══ GIVEN DATA

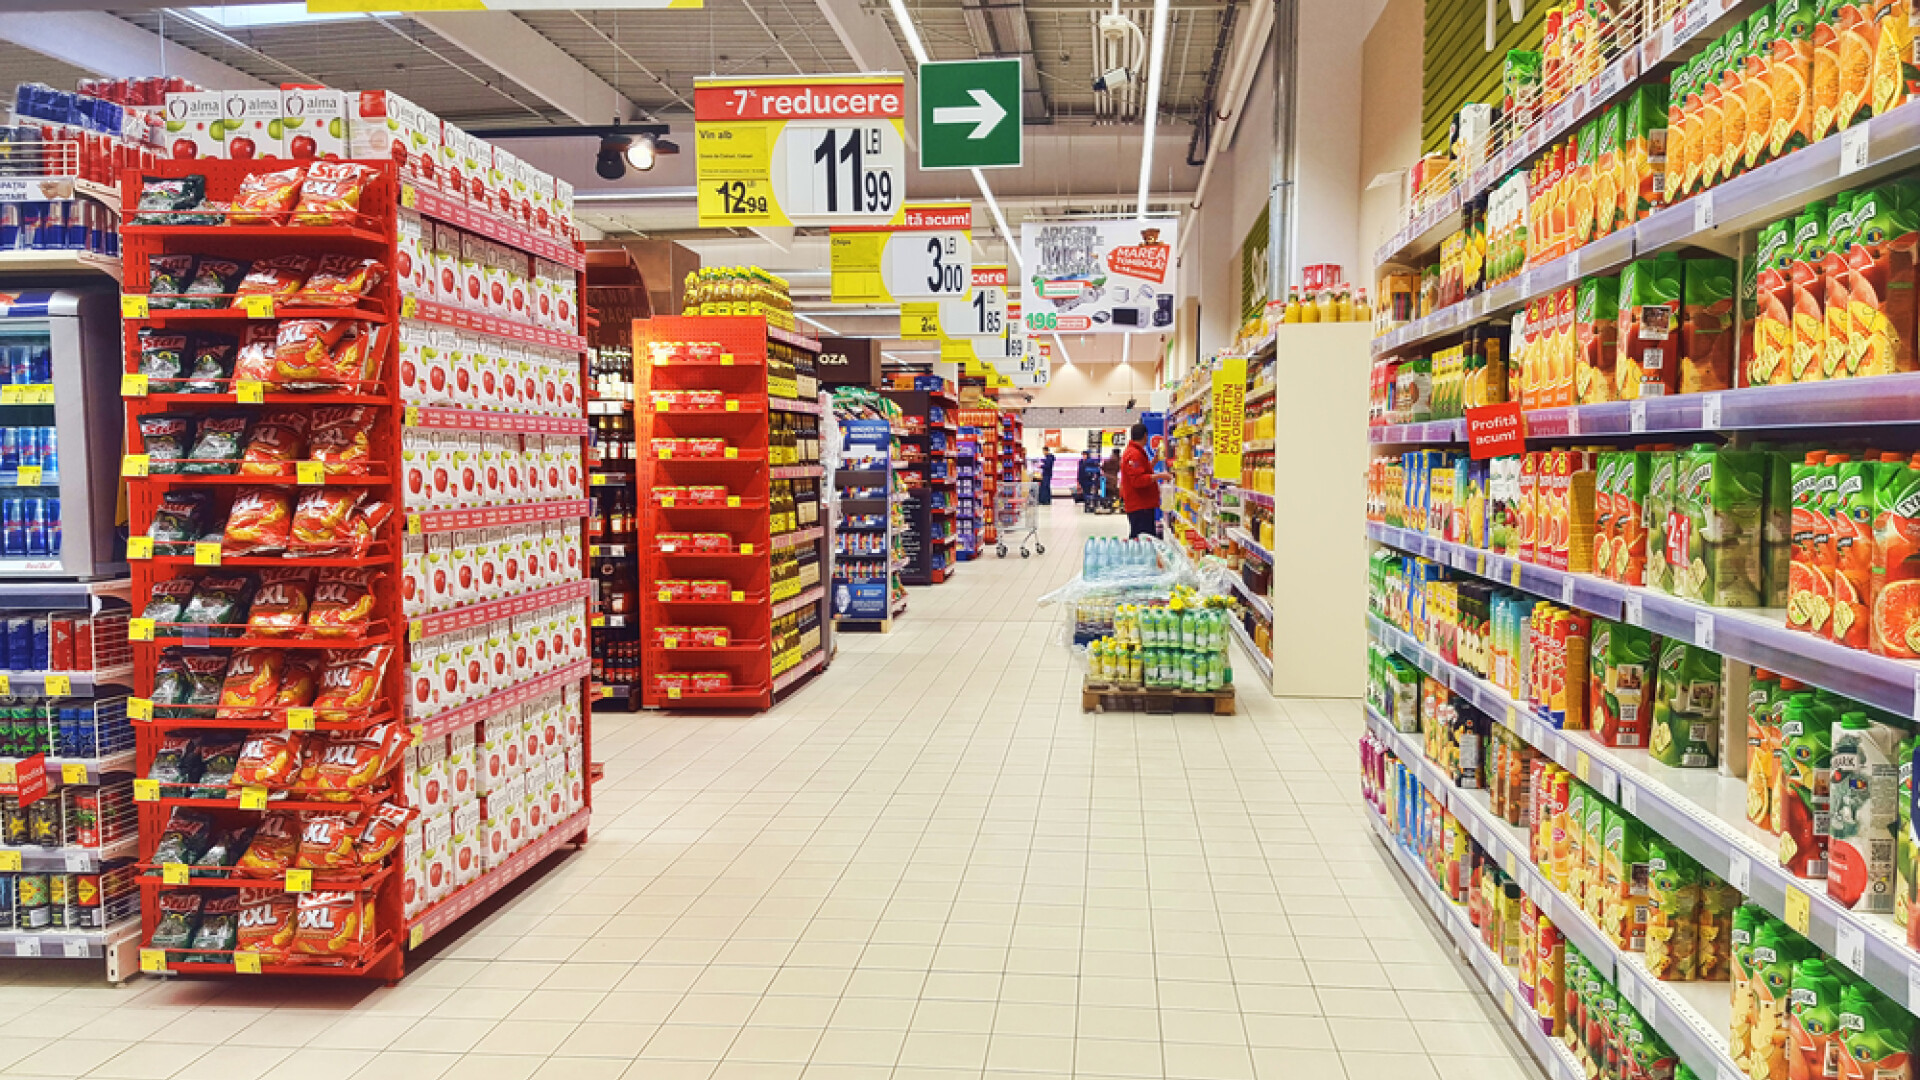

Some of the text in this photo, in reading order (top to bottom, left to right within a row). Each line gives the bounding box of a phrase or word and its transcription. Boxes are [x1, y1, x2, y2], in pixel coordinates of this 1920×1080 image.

[190, 100, 219, 111] alma
[249, 99, 278, 110] alma
[307, 97, 336, 108] alma
[762, 87, 899, 114] reducere
[699, 130, 732, 140] Vin alb
[865, 128, 882, 155] LEI
[814, 128, 863, 212] 11
[716, 181, 746, 214] 12
[865, 170, 892, 212] 99
[925, 211, 969, 226] acum!
[832, 237, 851, 247] Chips
[944, 236, 956, 255] LEI
[1117, 247, 1167, 259] MAREA
[927, 236, 944, 293] 3
[944, 264, 963, 293] 00
[973, 290, 985, 332] 1
[986, 311, 1001, 332] 85
[1026, 312, 1057, 329] 196
[1219, 383, 1234, 456] MAI IEFTIN
[1231, 383, 1245, 456] CA ORIUNDE
[1472, 413, 1518, 432] Profită
[1476, 429, 1517, 446] acum!
[323, 667, 352, 688] XXL
[18, 764, 45, 783] Profită
[22, 779, 44, 796] acum!
[239, 903, 278, 926] XXL
[299, 907, 335, 929] XXL

════

*REQUIREMENT*. The data must be repeated exactly. Any pictures in it are to be left out.

*EXERCISE ANSWER*.
Some of the text in this photo, in reading order (top to bottom, left to right within a row). Each line gives the bounding box of a phrase or word and its transcription. Boxes are [x1, y1, x2, y2], in pixel coordinates of this 1920×1080 image.

[190, 100, 219, 111] alma
[249, 99, 278, 110] alma
[307, 97, 336, 108] alma
[762, 87, 899, 114] reducere
[699, 130, 732, 140] Vin alb
[865, 128, 882, 155] LEI
[814, 128, 863, 212] 11
[716, 181, 746, 214] 12
[865, 170, 892, 212] 99
[925, 211, 969, 226] acum!
[832, 237, 851, 247] Chips
[944, 236, 956, 255] LEI
[1117, 247, 1167, 259] MAREA
[927, 236, 944, 293] 3
[944, 264, 963, 293] 00
[973, 290, 985, 332] 1
[986, 311, 1001, 332] 85
[1026, 312, 1057, 329] 196
[1219, 383, 1234, 456] MAI IEFTIN
[1231, 383, 1245, 456] CA ORIUNDE
[1472, 413, 1518, 432] Profită
[1476, 429, 1517, 446] acum!
[323, 667, 352, 688] XXL
[18, 764, 45, 783] Profită
[22, 779, 44, 796] acum!
[239, 903, 278, 926] XXL
[299, 907, 335, 929] XXL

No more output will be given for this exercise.